Cannabis legalization is generally good news for the industry and companies looking to expand into other parts of the world. However, that's not necessarily always the case, as it also creates opportunities for those countries to start becoming exporters of cannabis themselves, and they could end up competing head-to-head with large North American producers. Canada-based Aurora Cannabis (NYSE:ACB) prides itself on its global presence, and according to its website, it has a footprint in 25 countries and has 15 global production facilities. 

While that's great for growth opportunities, especially when the U.S. market is still off-limits for the foreseeable future, the company's presence in more markets also means it will face more competition. Not only will it be competing with other cannabis stocks, but also many of its peers that are vying for positions in those markets.

A good example is hemp, which is legal in the U.S. thanks to the farm bill passed last year. And while Aurora and other Canadian companies see this as an opportunity to expand into the U.S. market, the problem is that they will not only be competing with other Canadian producers but with U.S. hemp producers as well.

Zimbabwe targets hemp as its next big export

In Zimbabwe, there is a pilot project underway that will see industrial hemp being grown on prison grounds in Harare. One of the motivations for the government to permit hemp cultivation is that it could be a substitute for tobacco, which according to 2017 data, made up more than half of the country's total exports. 

Green traffic light showing cannabis symbol

Image Source: Getty Images.

With hemp growing in popularity for cannabidiol-based products, it could present a significant opportunity for the country to diversify its exports and be less dependant on tobacco. And that could lead to its products making their way to North America and other parts of the world as well.

Last year, Zimbabwe became the second African country after Lesotho to legalize marijuana for both scientific and medical use. 

Thailand is another country that's looking to expand its cannabis program

Asia is another part of the world where cannabis legislation just hasn't made much progress. But one country, Thailand, has been receptive to medical marijuana. It's not only building Southeast Asia's largest medical marijuana facility, but it's also expected that legalization will be expanded to allow individuals to grow as many as six cannabis plants for medical purposes. And while that's good news for the industry, the government is looking to be the main producer of medical marijuana, with the Government Pharmaceutical Organization projecting that by February, it will have 1 million bottles of cannabis oil, containing 5 milliliters each, available. 

And while it may present an attractive opportunity for North American producers, Thailand looks to be wary of allowing foreign competitors to come in and take over the industry. And that could help local companies succeed and build up their presence on the global stage.

Why North American cannabis companies could be in trouble

A year ago, the opportunities presented by the legalization of cannabis in many parts of the world would have excited investors. Expansion and growth were all the talk in the industry. But with a company like Aurora Cannabis coming under fire for its poor financials and the amount of cash it's been burning through, it may no longer be an easy decision to simply expand in a part of the world because cannabis has been legalized there. There's going to have to be a good business case for it.

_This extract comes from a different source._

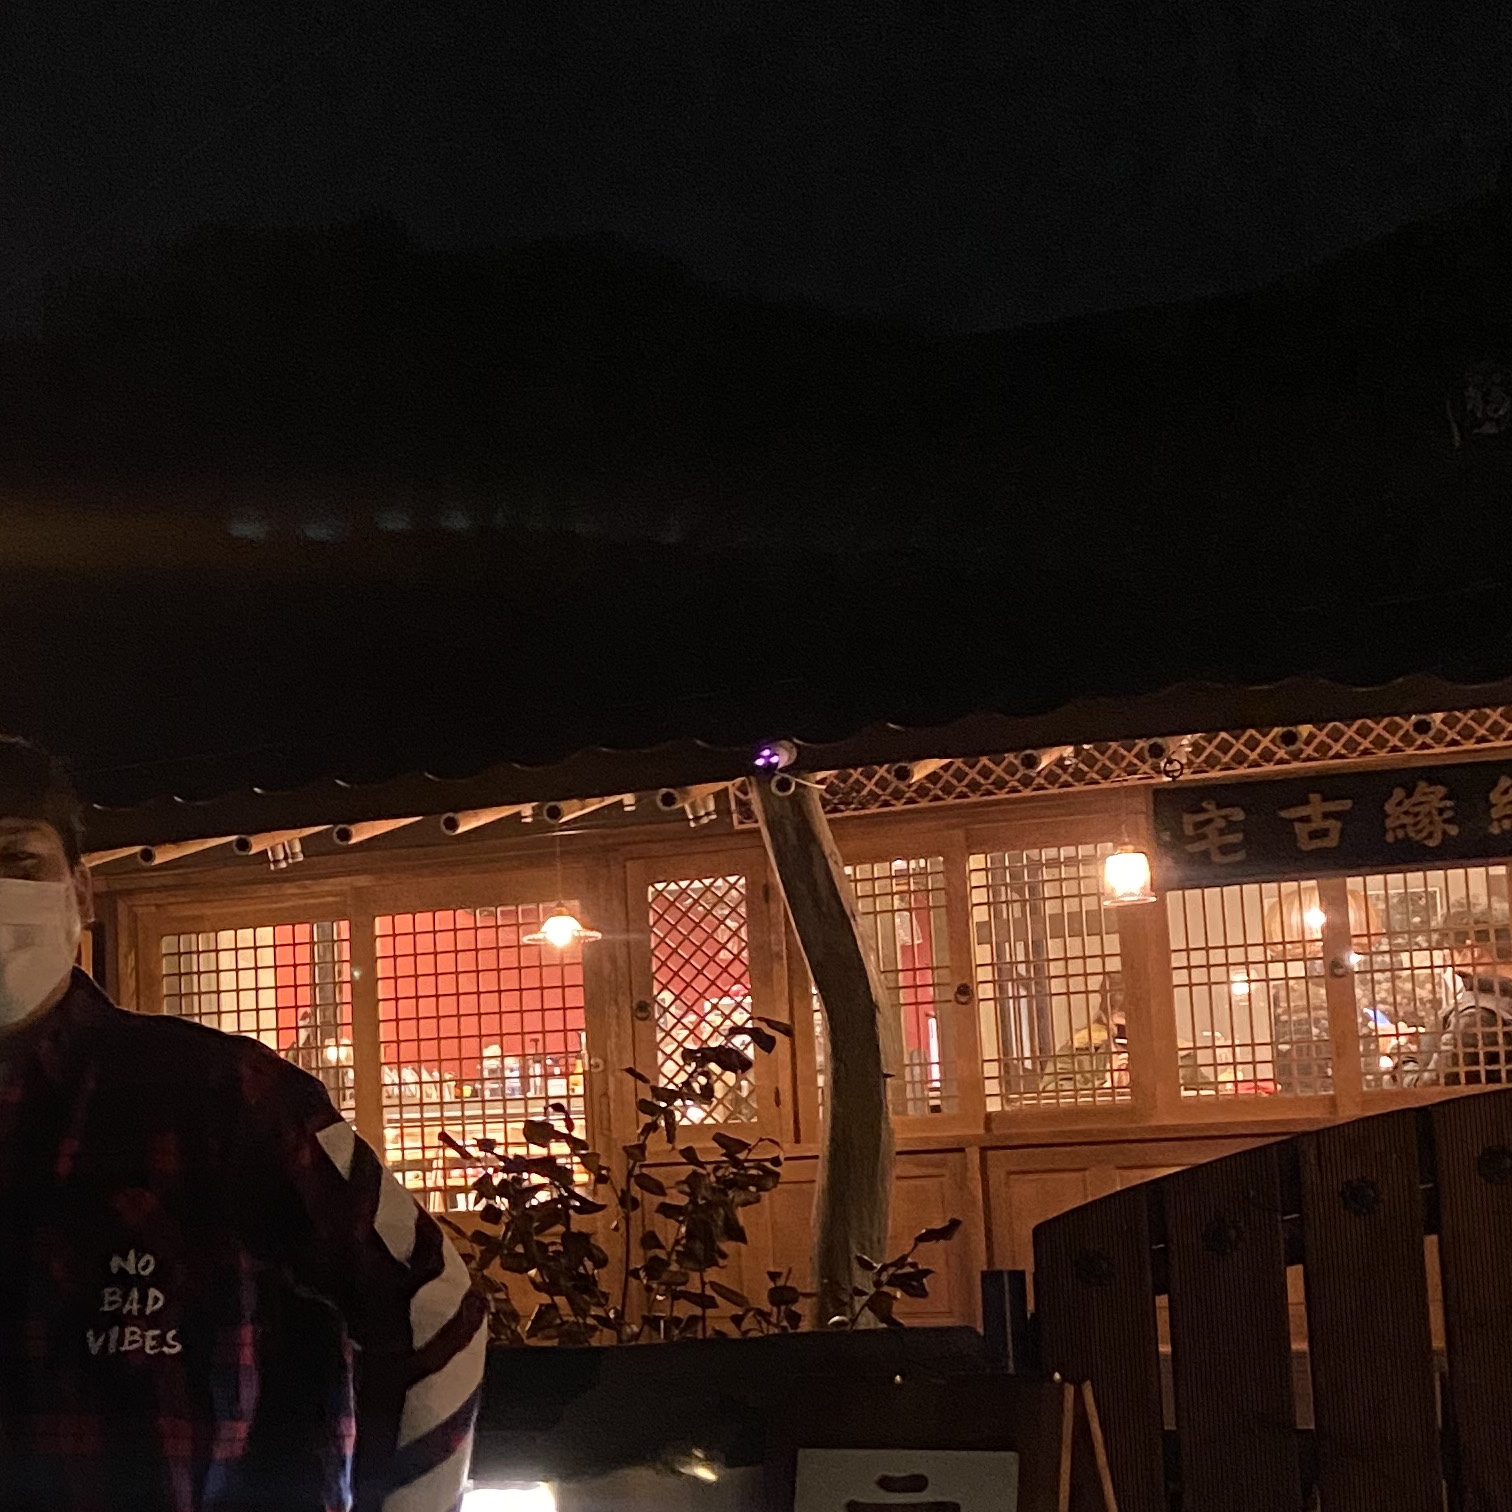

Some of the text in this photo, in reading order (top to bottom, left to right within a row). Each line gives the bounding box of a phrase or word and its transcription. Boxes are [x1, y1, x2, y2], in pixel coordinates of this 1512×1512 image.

[109, 1248, 156, 1276] NO
[99, 1287, 165, 1316] BAD
[86, 1325, 183, 1355] VIBES

Investors need to look no further than Aphria (NYSE:APHA) as to how quickly an international strategy can go sideways. Last year, the company's stock took a big hit following allegations that it vastly overpaid for assets in Latin America and the Caribbean. Investors are paying much closer attention to the actions companies are taking to make themselves more or less profitable. And expanding for the sake of expansion isn't going to win over shareholders, not when it's going to saddle the company with more expenses along the way.

Key takeaways for investors

With the markets being more sensitive to a company's financial statements, it's likely that cannabis producers are going to have to put the brakes on international expansion. And that means international growers will have an opportunity to build up their own positions in the industry and could end up competing with North American companies in Europe, Canada, and other markets where hemp or medical marijuana has been legalized. 

For companies like Aurora and Aphria that are banking on international growth, it could impact their market share and overall valuations. With more of a focus on profitability, they won't be able to be aggressive in pursuing new market opportunities. And while they may become stronger companies by improving their bottom lines, their positions internationally will likely get weaker. The good news, however, is that the international markets are still a long way from being as developed as those in North America, and that gives Aphria and Aurora a lot of time to strengthen their financials in preparation for what could prove to be a big battle on the global stage.